Teen mom to single parent to college graduate: A journey worth making
Returning to college with children is never an easy decision. As a parent, our main job is to nurture someone else’s well-being. Finding time to even take a bath alone without little ones knocking on the door is impossible. Finding the time and confidence to return to school as an adult seemed intangible.
I had, over the years, often thought of what life would be like if after high school I had gone away to college. Would I be in a different industry? Would I live in another city? What would my life be like? Of course I wondered if I would have made more money, but because I was a teen parent my life had gone in a different direction and crying about it was useless. So thoughts of college would just fade away and life continued.
By the time I was in my early thirties, I had a family and my responsibilities had multiplied. I would often jokingly tell my coworkers at the end of the day that I was going to what I referred to as “my real full time job”, that of a parent. This is when the hardest yet most rewarding part of my day began. Time was never on my side, and at this point in addition to all of these responsibilities, I was a single parent.
Whether it was that I was ready, or that the opportunity had arisen at the right time, when the chance to finally go back to school came I took it head on. For one, I simply could not be competitive any longer in my industry without a degree, and secondly, I wasn’t sure anymore that the industry I was in was actually what I wanted to do when I grew up. I was hungry for new ideas and experiences. Being passed by for promotions because I didn’t have credentials, and, quite frankly, I just wasn’t experienced. While I have never really believed that a piece of paper defined a person, at this point in my life, I knew it would make things easier. I was ready to work smarter, and not just harder.
My seven-year journey started as a race to finish my BA before my oldest graduated high school. I chose to attend a private women’s college because I was sold on the fact that I was not alone. College in many ways was what exactly as I had expected. There was a great deal of homework, and the readings were endless. For many years, my friends and I would joke that those school text books were the only form of reading that I did. My “real job”, that demanded me to have excellent time management, problem solving skills, and attention to detail….. was suffering. The race that I was in had become somewhat of an obstacle course.
There were, in those early days, many nights where home-cooked meals were replaced with pizza or other forms of fast food. The laundry baskets that I prided myself in always being empty suddenly were always full and overflowing. The hardest part was getting home, only to kiss sleeping angels whose lights had been dimmed, and missing more than one baseball game. But…the time that my family had together became more precious and priceless.

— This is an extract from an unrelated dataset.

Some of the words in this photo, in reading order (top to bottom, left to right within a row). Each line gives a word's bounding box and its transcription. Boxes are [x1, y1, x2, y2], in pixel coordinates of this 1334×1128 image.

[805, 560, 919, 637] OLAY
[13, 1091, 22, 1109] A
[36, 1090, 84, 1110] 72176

During my time at The Women’s College at University of Denver I learned so much more than philosophy, or how to research. I learned to share ideas, thoughts and most importantly, to question. I had living examples all around me of other women who, like me, were at various points in their own race. Some were in a rush, some were just enjoying a class at a time, but they all were all really enjoying it. I never was alone in my thoughts or feelings of juggling.
We live by example, and while I still am a nurturer, I have also learned to nurture myself. I have entered other races and acquired a Master’s degree this last spring, and in 2012 will begin my PhD.
Returning to college as a “nontraditional” student is not an easy undertaking. Whether it is for career advancement, financial gain, or personal growth the prize is more than a piece of paper, it is a great journey. Work, family, and school all seem to find their time and place. The intangible is waiting.